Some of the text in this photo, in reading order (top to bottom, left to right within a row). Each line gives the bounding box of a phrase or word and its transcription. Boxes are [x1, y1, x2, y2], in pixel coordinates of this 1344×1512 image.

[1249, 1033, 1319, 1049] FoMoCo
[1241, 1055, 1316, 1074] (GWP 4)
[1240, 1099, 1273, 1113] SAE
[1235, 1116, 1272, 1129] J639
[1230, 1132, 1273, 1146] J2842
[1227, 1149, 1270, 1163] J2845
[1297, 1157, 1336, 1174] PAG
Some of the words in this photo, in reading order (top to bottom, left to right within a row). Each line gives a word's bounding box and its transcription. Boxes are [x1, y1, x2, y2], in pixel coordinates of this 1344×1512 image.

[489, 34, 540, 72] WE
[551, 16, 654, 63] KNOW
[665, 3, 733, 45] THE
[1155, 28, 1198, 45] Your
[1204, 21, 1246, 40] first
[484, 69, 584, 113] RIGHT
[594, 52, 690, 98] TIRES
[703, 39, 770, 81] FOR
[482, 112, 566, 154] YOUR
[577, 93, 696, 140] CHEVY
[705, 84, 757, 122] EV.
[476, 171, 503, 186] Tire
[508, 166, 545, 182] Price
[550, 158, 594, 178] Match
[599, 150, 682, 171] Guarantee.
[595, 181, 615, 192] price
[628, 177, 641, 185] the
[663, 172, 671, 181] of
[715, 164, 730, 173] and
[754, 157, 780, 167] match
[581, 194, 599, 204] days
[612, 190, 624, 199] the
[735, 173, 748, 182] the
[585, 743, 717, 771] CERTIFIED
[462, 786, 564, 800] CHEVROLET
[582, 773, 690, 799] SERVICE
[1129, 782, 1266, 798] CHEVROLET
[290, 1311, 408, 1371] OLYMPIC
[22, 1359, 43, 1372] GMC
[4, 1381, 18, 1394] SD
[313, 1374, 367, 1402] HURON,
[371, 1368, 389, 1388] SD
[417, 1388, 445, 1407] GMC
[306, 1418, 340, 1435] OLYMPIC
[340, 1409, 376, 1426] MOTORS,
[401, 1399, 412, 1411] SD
- - -
• _Problem_: Output the data exactly, in full.

• _Reply to the exercise_:
Some of the text in this photo, in reading order (top to bottom, left to right within a row). Each line gives the bounding box of a phrase or word and its transcription. Boxes are [x1, y1, x2, y2], in pixel coordinates of this 1344×1512 image.

[1249, 1033, 1319, 1049] FoMoCo
[1241, 1055, 1316, 1074] (GWP 4)
[1240, 1099, 1273, 1113] SAE
[1235, 1116, 1272, 1129] J639
[1230, 1132, 1273, 1146] J2842
[1227, 1149, 1270, 1163] J2845
[1297, 1157, 1336, 1174] PAG
Some of the words in this photo, in reading order (top to bottom, left to right within a row). Each line gives a word's bounding box and its transcription. Boxes are [x1, y1, x2, y2], in pixel coordinates of this 1344×1512 image.

[489, 34, 540, 72] WE
[551, 16, 654, 63] KNOW
[665, 3, 733, 45] THE
[1155, 28, 1198, 45] Your
[1204, 21, 1246, 40] first
[484, 69, 584, 113] RIGHT
[594, 52, 690, 98] TIRES
[703, 39, 770, 81] FOR
[482, 112, 566, 154] YOUR
[577, 93, 696, 140] CHEVY
[705, 84, 757, 122] EV.
[476, 171, 503, 186] Tire
[508, 166, 545, 182] Price
[550, 158, 594, 178] Match
[599, 150, 682, 171] Guarantee.
[595, 181, 615, 192] price
[628, 177, 641, 185] the
[663, 172, 671, 181] of
[715, 164, 730, 173] and
[754, 157, 780, 167] match
[581, 194, 599, 204] days
[612, 190, 624, 199] the
[735, 173, 748, 182] the
[585, 743, 717, 771] CERTIFIED
[462, 786, 564, 800] CHEVROLET
[582, 773, 690, 799] SERVICE
[1129, 782, 1266, 798] CHEVROLET
[290, 1311, 408, 1371] OLYMPIC
[22, 1359, 43, 1372] GMC
[4, 1381, 18, 1394] SD
[313, 1374, 367, 1402] HURON,
[371, 1368, 389, 1388] SD
[417, 1388, 445, 1407] GMC
[306, 1418, 340, 1435] OLYMPIC
[340, 1409, 376, 1426] MOTORS,
[401, 1399, 412, 1411] SD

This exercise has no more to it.